Recorded information.
──────────────────────────────

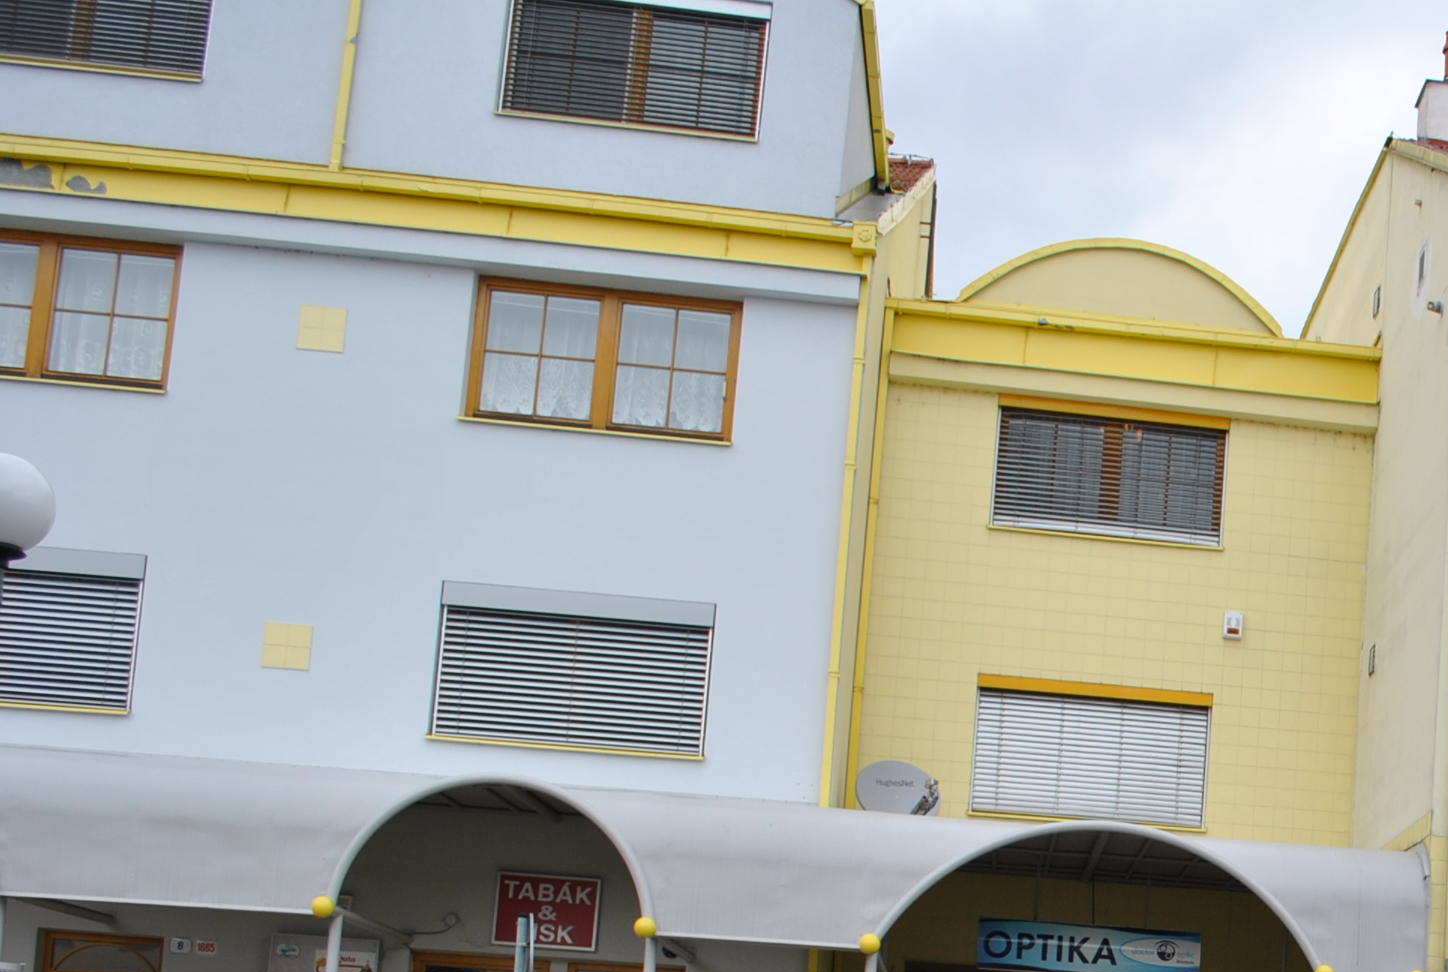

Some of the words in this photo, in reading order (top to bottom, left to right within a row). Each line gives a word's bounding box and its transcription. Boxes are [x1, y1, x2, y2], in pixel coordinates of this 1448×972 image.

[503, 880, 592, 905] TABÁK
[537, 905, 557, 921] &
[983, 930, 1117, 966] OPTIKA
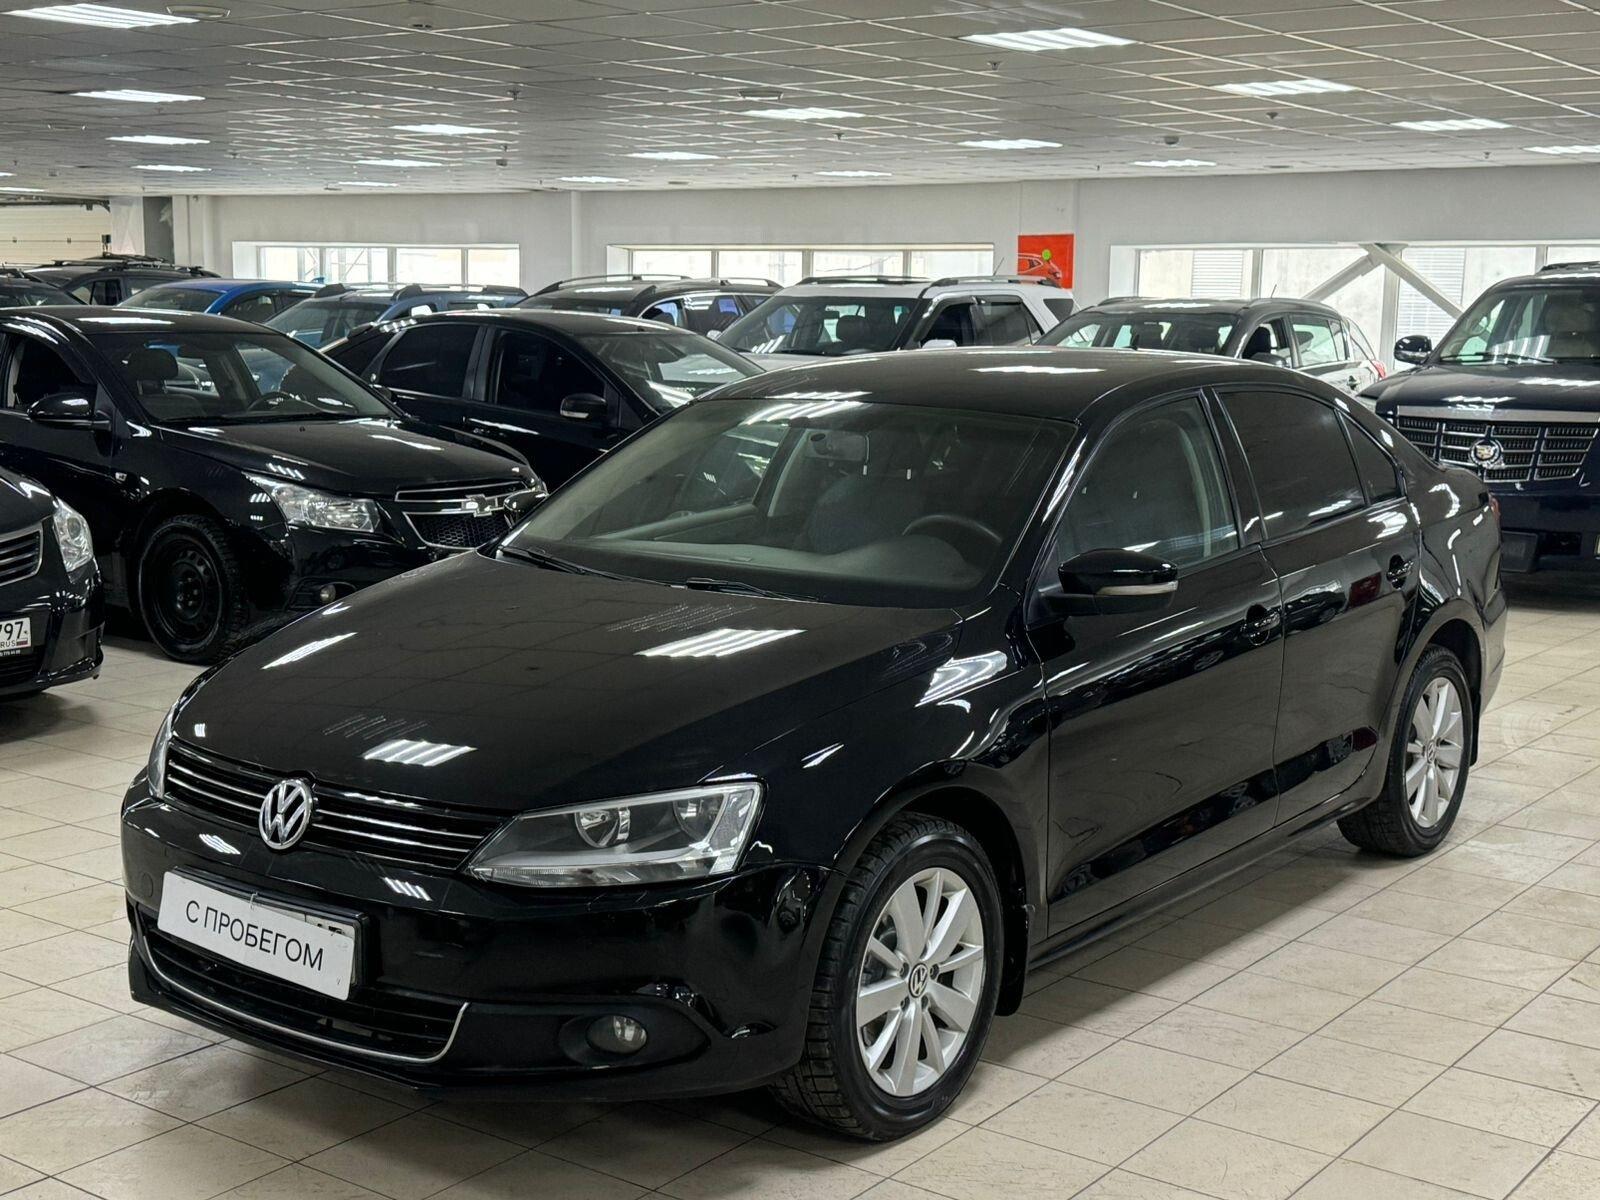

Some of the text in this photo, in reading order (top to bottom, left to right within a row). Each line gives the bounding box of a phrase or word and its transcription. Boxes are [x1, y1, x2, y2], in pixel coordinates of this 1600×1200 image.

──────────────────────────────

Activity.
In your copy of the entries above, keep the text exact and leave out the pictures.

Output.
Some of the words in this photo, in reading order (top to bottom, left to right within a row). Each line gives a word's bounding box and its transcription. Boxes are [x1, y1, x2, y2], in pixel coordinates of this 1448×972 image.

[503, 880, 592, 905] TABÁK
[537, 905, 557, 921] &
[983, 930, 1117, 966] OPTIKA

Some of the text in this photo, in reading order (top to bottom, left to right within a row). Each line gives the bounding box of a phrase or word and its transcription. Boxes are [x1, y1, x2, y2], in pixel coordinates of this 1600×1200 image.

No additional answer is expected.